- _WHAT TO PRODUCE_:
Each line of the data below goes into the copy exactly; pictures do not.

- _GIVEN ENTRIES_:

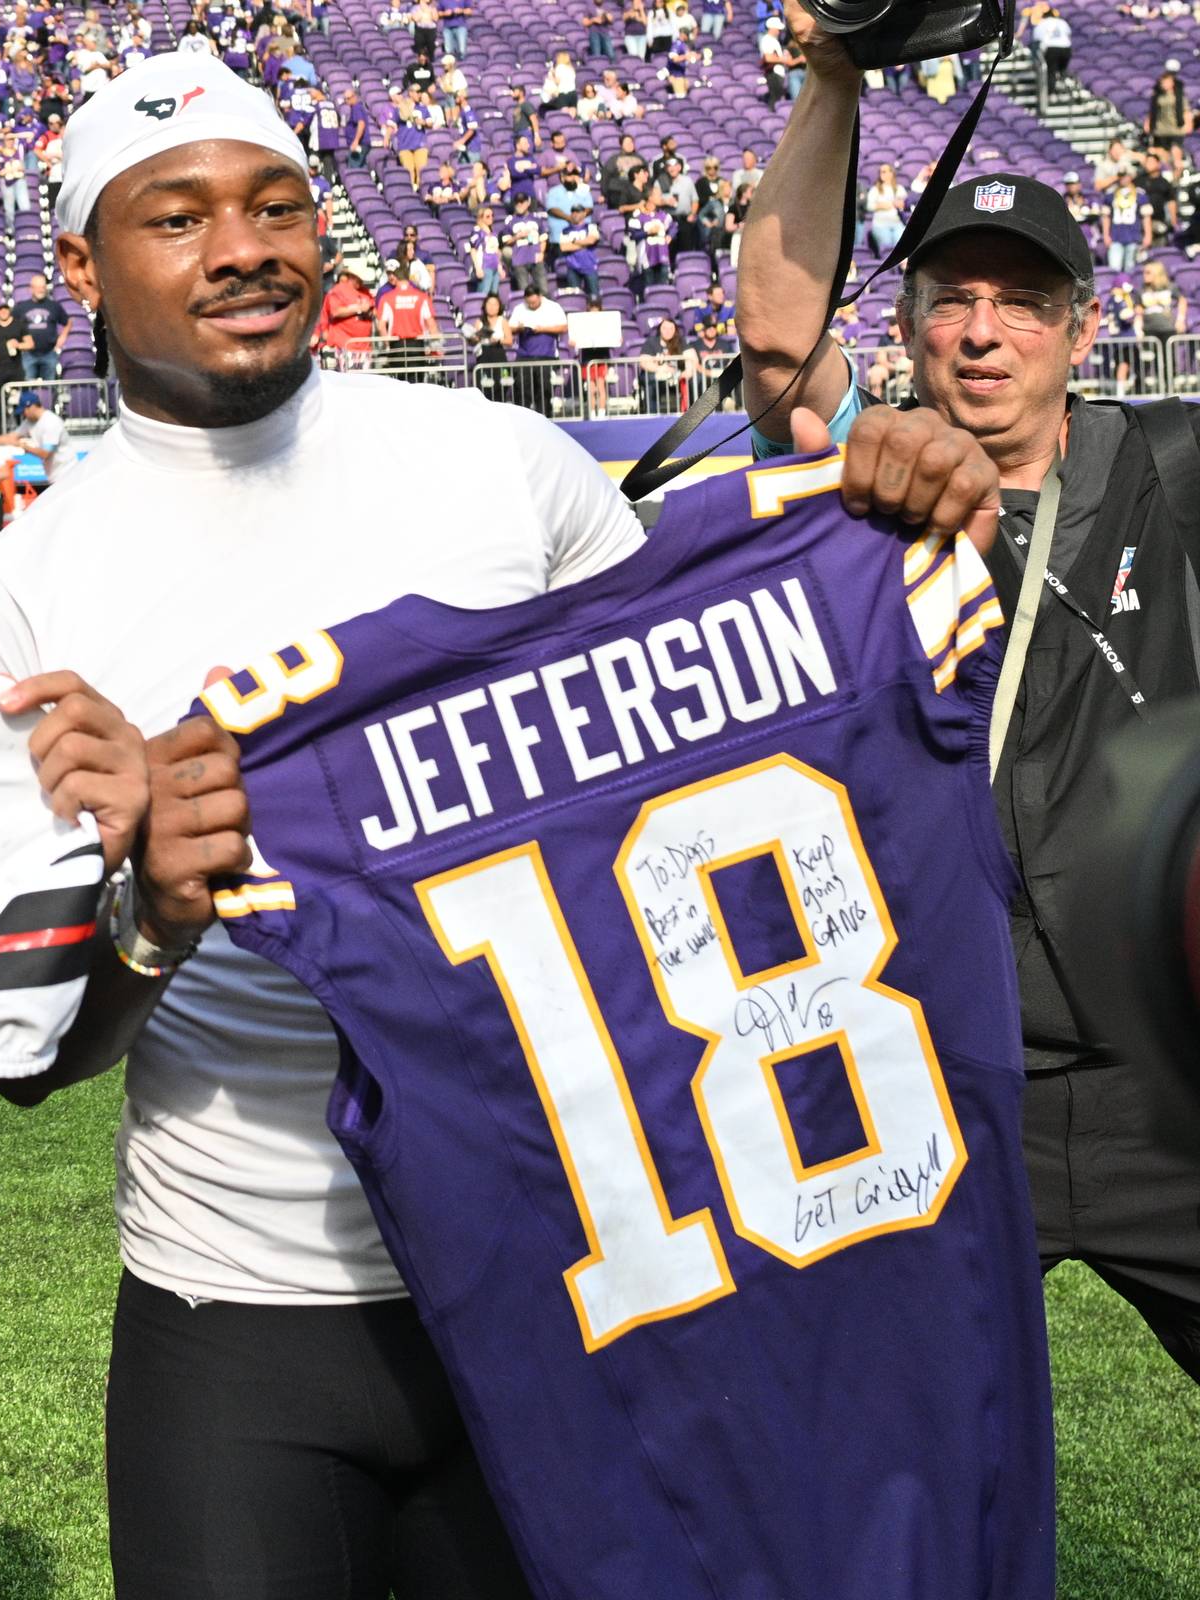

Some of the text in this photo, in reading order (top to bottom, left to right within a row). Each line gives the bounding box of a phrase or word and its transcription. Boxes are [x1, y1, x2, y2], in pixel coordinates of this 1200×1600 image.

[979, 195, 1008, 208] NFL
[1044, 567, 1069, 596] SON
[1112, 588, 1141, 616] DIA
[1092, 632, 1125, 674] SONY
[360, 577, 838, 851] JEFFERSON
[812, 900, 867, 948] GANG
[413, 752, 969, 1354] 18

- _OUTPUT OF THE EXERCISE_:
Some of the text in this photo, in reading order (top to bottom, left to right within a row). Each line gives the bounding box of a phrase or word and its transcription. Boxes are [x1, y1, x2, y2], in pixel coordinates of this 1200×1600 image.

[979, 195, 1008, 208] NFL
[1044, 567, 1069, 596] SON
[1112, 588, 1141, 616] DIA
[1092, 632, 1125, 674] SONY
[360, 577, 838, 851] JEFFERSON
[812, 900, 867, 948] GANG
[413, 752, 969, 1354] 18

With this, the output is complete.